It will be followed by Resorts World Cruises’ Genting Dream calling at Indonesia’s Batam and Bintan on July 2, with both vessels homeporting in Singapore.
Singapore, Malaysia and Indonesia are the first Southeast Asian countries to resume port calls since cruising was halted in March 2020.
Cruise activity in the region
Remarked Angie Stephen, VP and MD, Asia-Pacific, Royal Caribbean International, ‘The return of cruising to destinations is timely, as countries around the region re-open to welcome visitors, revitalise their tourism sectors and embrace the new normal… We look forward to developing more exciting itineraries for our guests in this region.’

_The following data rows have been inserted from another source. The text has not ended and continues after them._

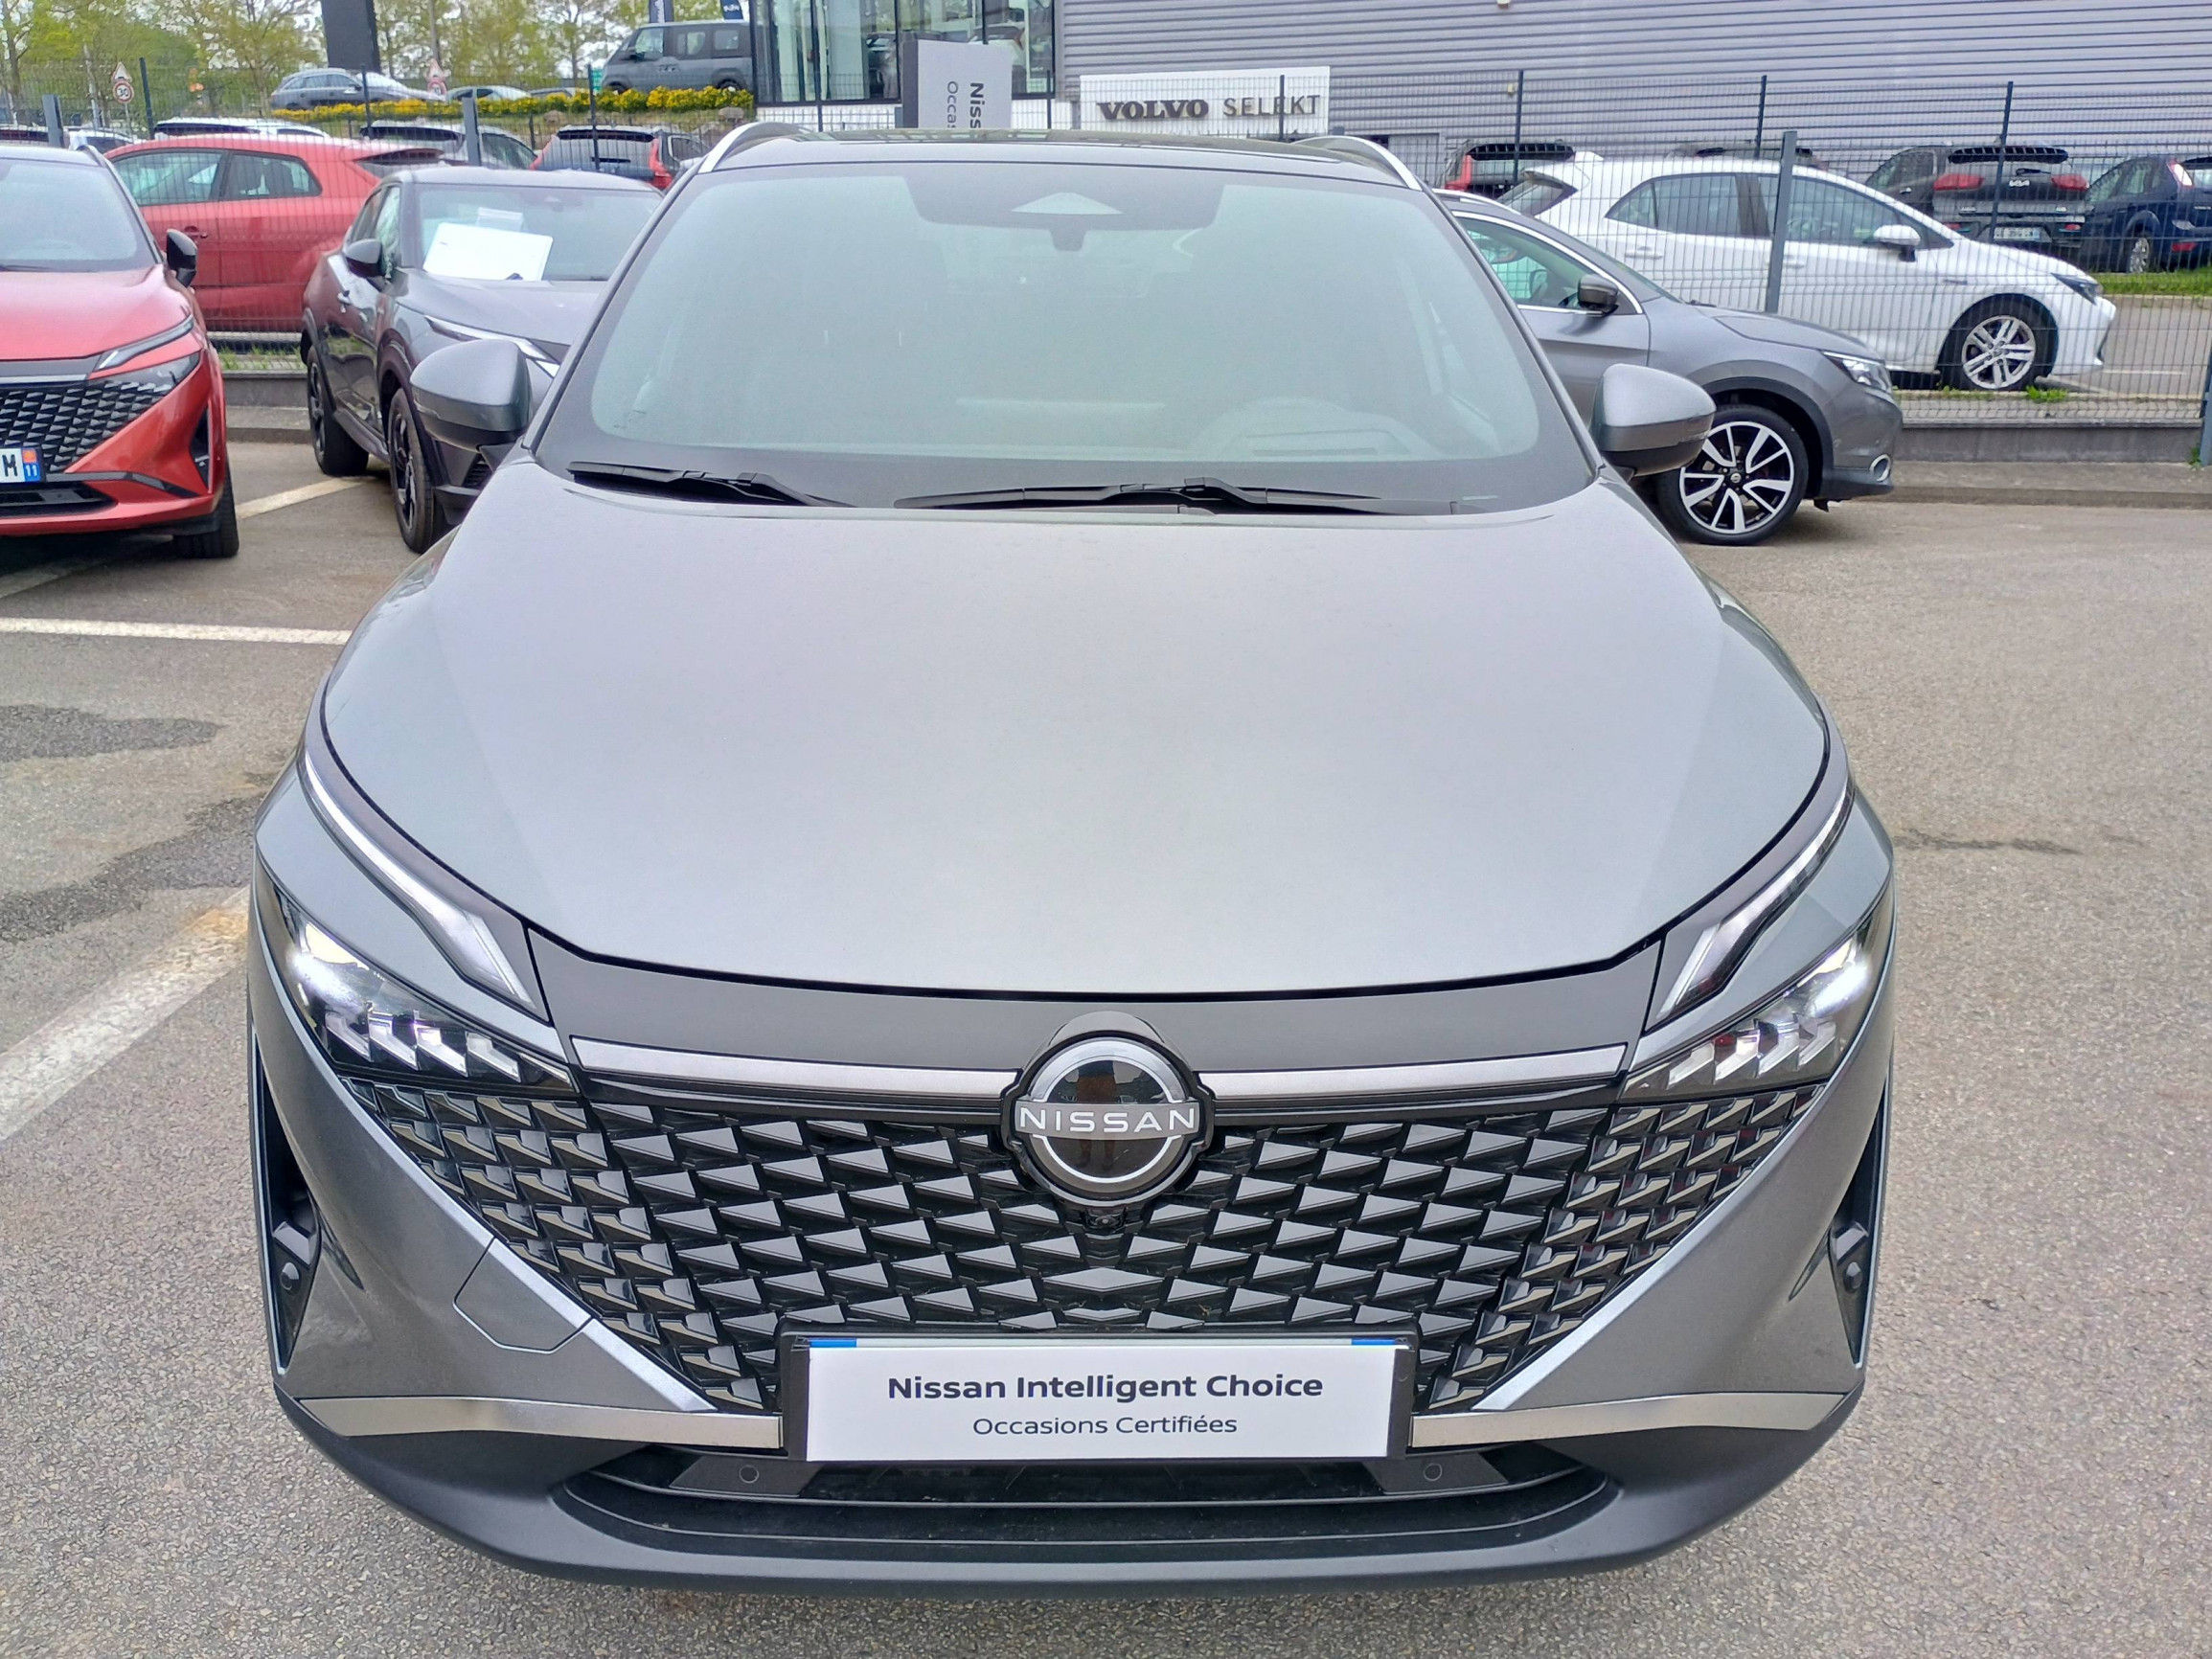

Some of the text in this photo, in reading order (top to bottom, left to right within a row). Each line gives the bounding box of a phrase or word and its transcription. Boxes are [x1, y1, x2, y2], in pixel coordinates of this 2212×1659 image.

[1096, 99, 1210, 121] VOLVO
[25, 465, 37, 477] 11
[1020, 1107, 1195, 1133] NISSAN
[888, 1374, 1323, 1404] Nissan Intelligent Choice
[972, 1414, 1238, 1436] Occasions Certifiées

Since Singapore restarted cruising in November 2020, over half a million passengers have embarked on nearly 370 'cruises to nowhere.' COVID-19 rules have been relaxed within the country, allowing entry for fully vaccinated travellers.
Said Michael Goh, president of Resorts World Cruises, ‘We are committed to Singapore's vision to be a premier cruise hub in Asia. Together with Singapore Tourism Board (STB,) we look forward to growing the cruise sector, including the fly-cruise segment, and to making Singapore and Southeast Asia one of the largest year-round cruise destinations in the world.’
Prior to COVID-19, 70% of Singapore’s cruise passengers were international visitors who travelled to the country to sail Southeast Asia. To prepare for the return of fly-cruise travellers, STB is set to continue offering the Cruise Development Fund to encourage cruise lines to homeport in Singapore. Agents can also utilise the grant to develop and market cruise packages.
Over 400 cruise ships across 30 cruise brands called at ports in Singapore in 2019, with year-on-year growth in passenger throughput of more than 1.8m that year.
STB expects the cruise industry in Singapore to return to pre-pandemic levels between 2023 and 2024, resulting from ‘positive discussions to resume similar calls in more ports and the alignment of health protocols across the region.’
As well as rebuilding its pipeline of cruise ship deployments, the country is working with cruise lines to expand their customer base – from regional markets such as Indonesia and Malaysia, to mid and long-haul markets such as India, Australia, Germany, United Kingdom and the US.
‘The resumption of port calls is an important milestone for Singapore and the region,’ commented Keith Tan, chief executive, Singapore Tourism Board. 'It has been made possible by the strong partnership and collective commitment in the Association of Southeast Asian Nations to grow the cruise industry. Cruising is a key tourism driver, and as ASEAN’s lead coordinator for cruise development, Singapore will continue to work with our counterparts to strengthen the region’s attractiveness as a cruising destination and source market.’